Europe under Merkel IV: Balance of impotence

Appeared in American Affairs Journal Volume II, Number 2 (Summer 2018): 162–92.

Europe, as organized—or disorganized—in the European Union (EU), is a strange political beast. It consists, first, of the domestic politics of its member states that have, over time, become deeply intertwined. Second, member states, which are still sovereign nation-states, pursue nationally defined interests through national foreign policies within intra-European international relations. Here, third, they have a choice between relying on a variety of supranational institutions or on intergovernmental agreements among selective coalitions of the willing. Fourth, since the start of the European Monetary Union (EMU), which includes only nineteen of the EU’s twenty-eight member states, another arena of European international relations has emerged, consisting mainly of informal, intergovernmental institutions looked at with suspicion by the supranational EU. Fifth, all these are embedded in the geopolitical conditions and geostrategic interests of each nation, which are related in particular to the United States on the one hand and to Russia, Eastern Europe, the Balkans, the Eastern Mediterranean, and the Middle East on the other. And sixth, there is at the bottom of the European state system an ongoing battle for hegemony between its two largest member countries, France and Germany—a battle that both deny exists.
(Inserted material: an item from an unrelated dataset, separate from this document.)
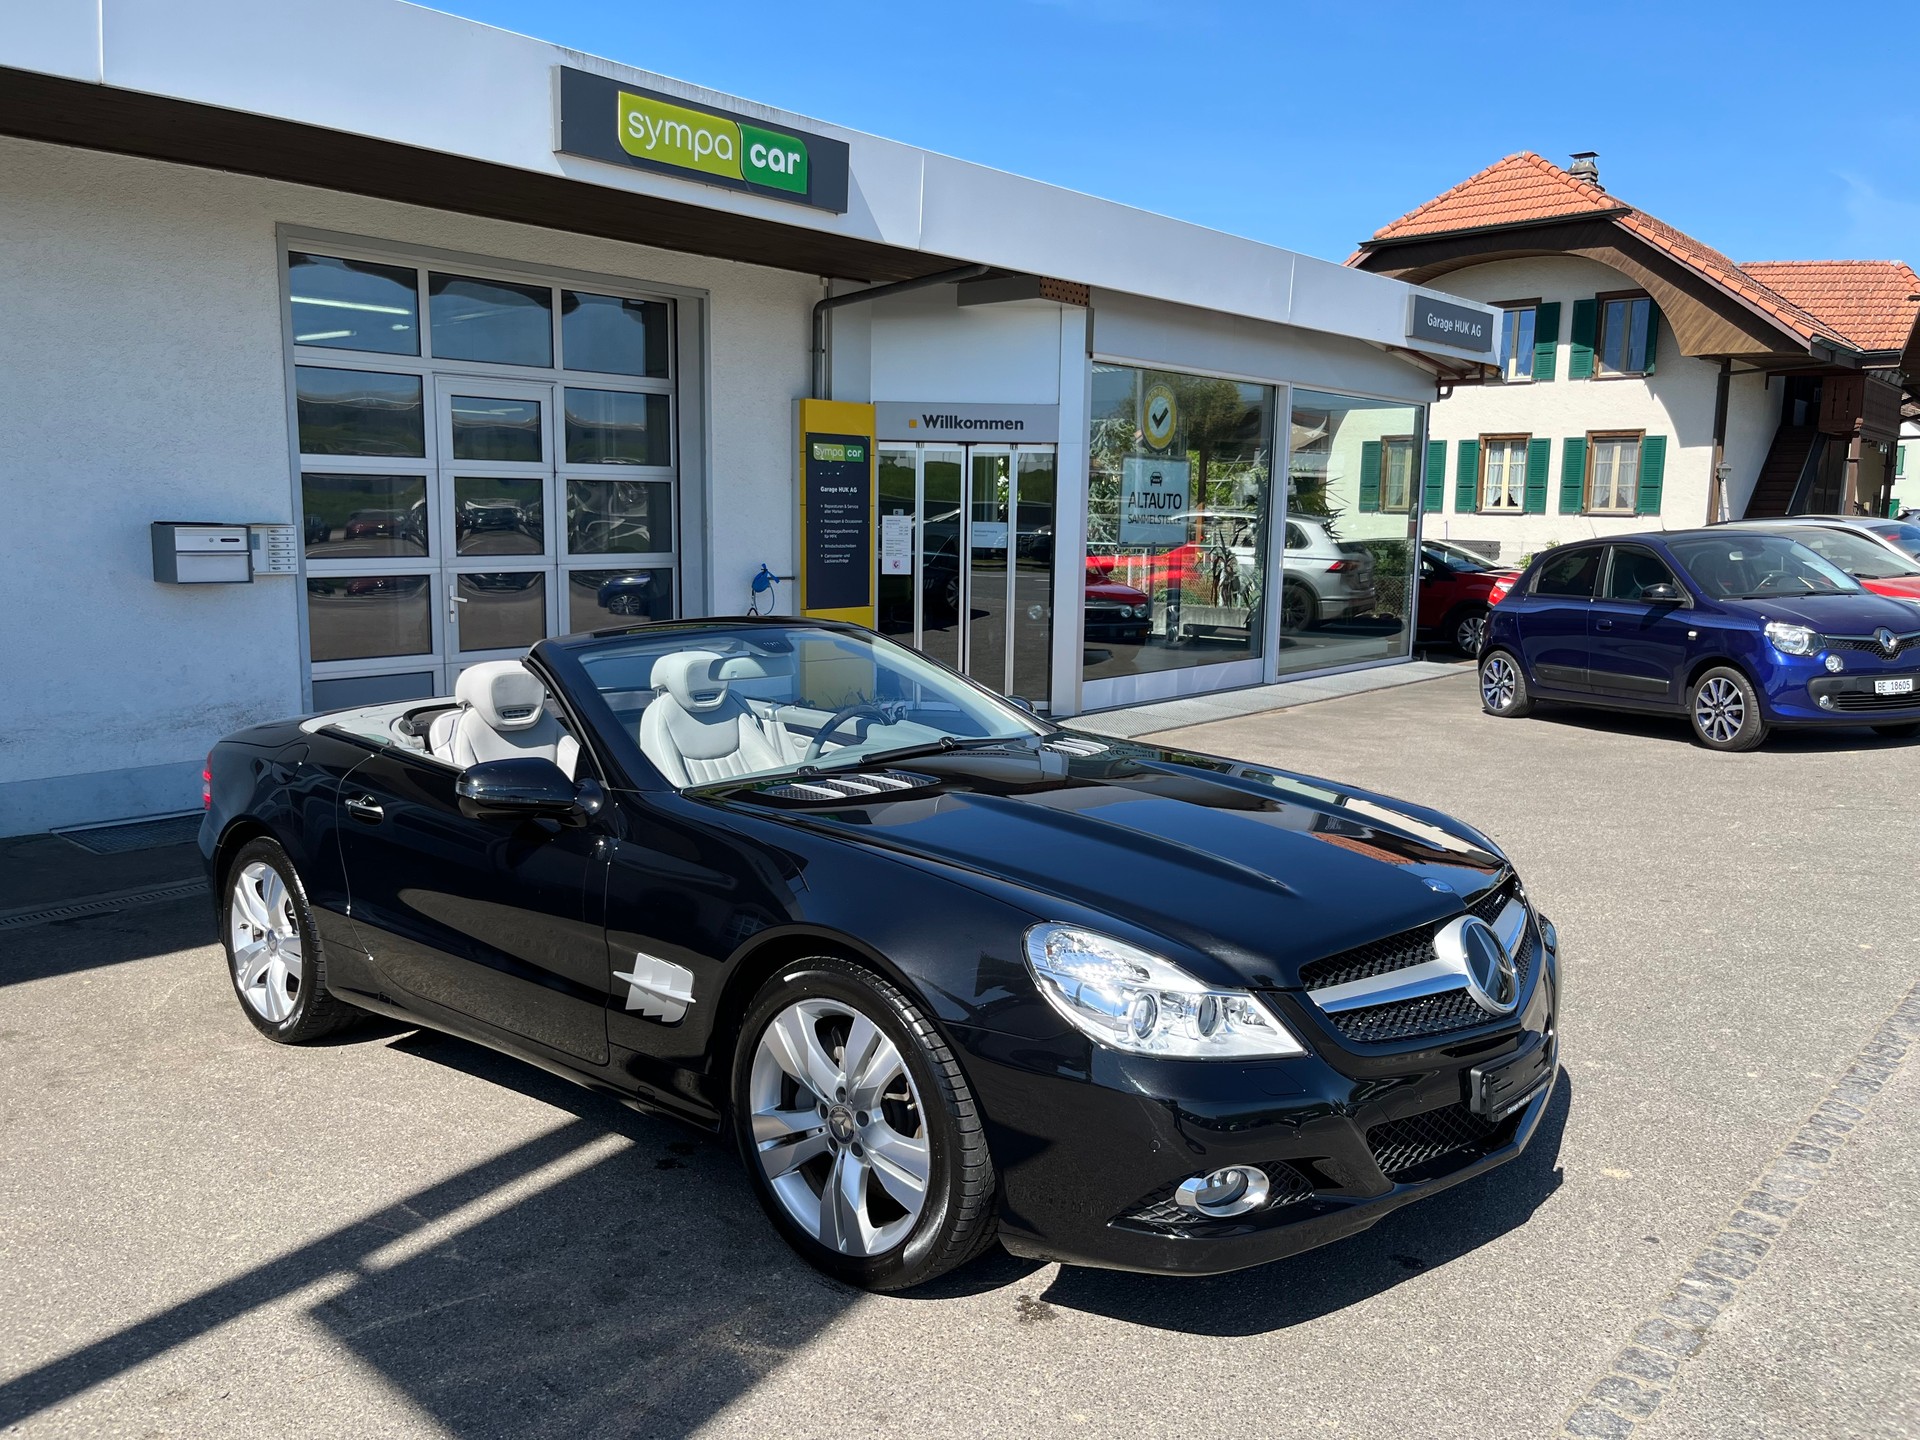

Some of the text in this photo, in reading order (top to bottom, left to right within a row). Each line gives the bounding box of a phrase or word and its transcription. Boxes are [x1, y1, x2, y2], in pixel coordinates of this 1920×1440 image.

Each of the two, in its own way, considers its claim to European supremacy to be only just and indeed self-evident, Germany so much so that it doesn’t even recognize its ambitions as such.1 Moreover, both would-be hegemons are aware that they can realize their national projects only by incorporating the other within them, and for this reason they present their national aspirations as “European integration” projects based on a special relationship between Germany and France. (…)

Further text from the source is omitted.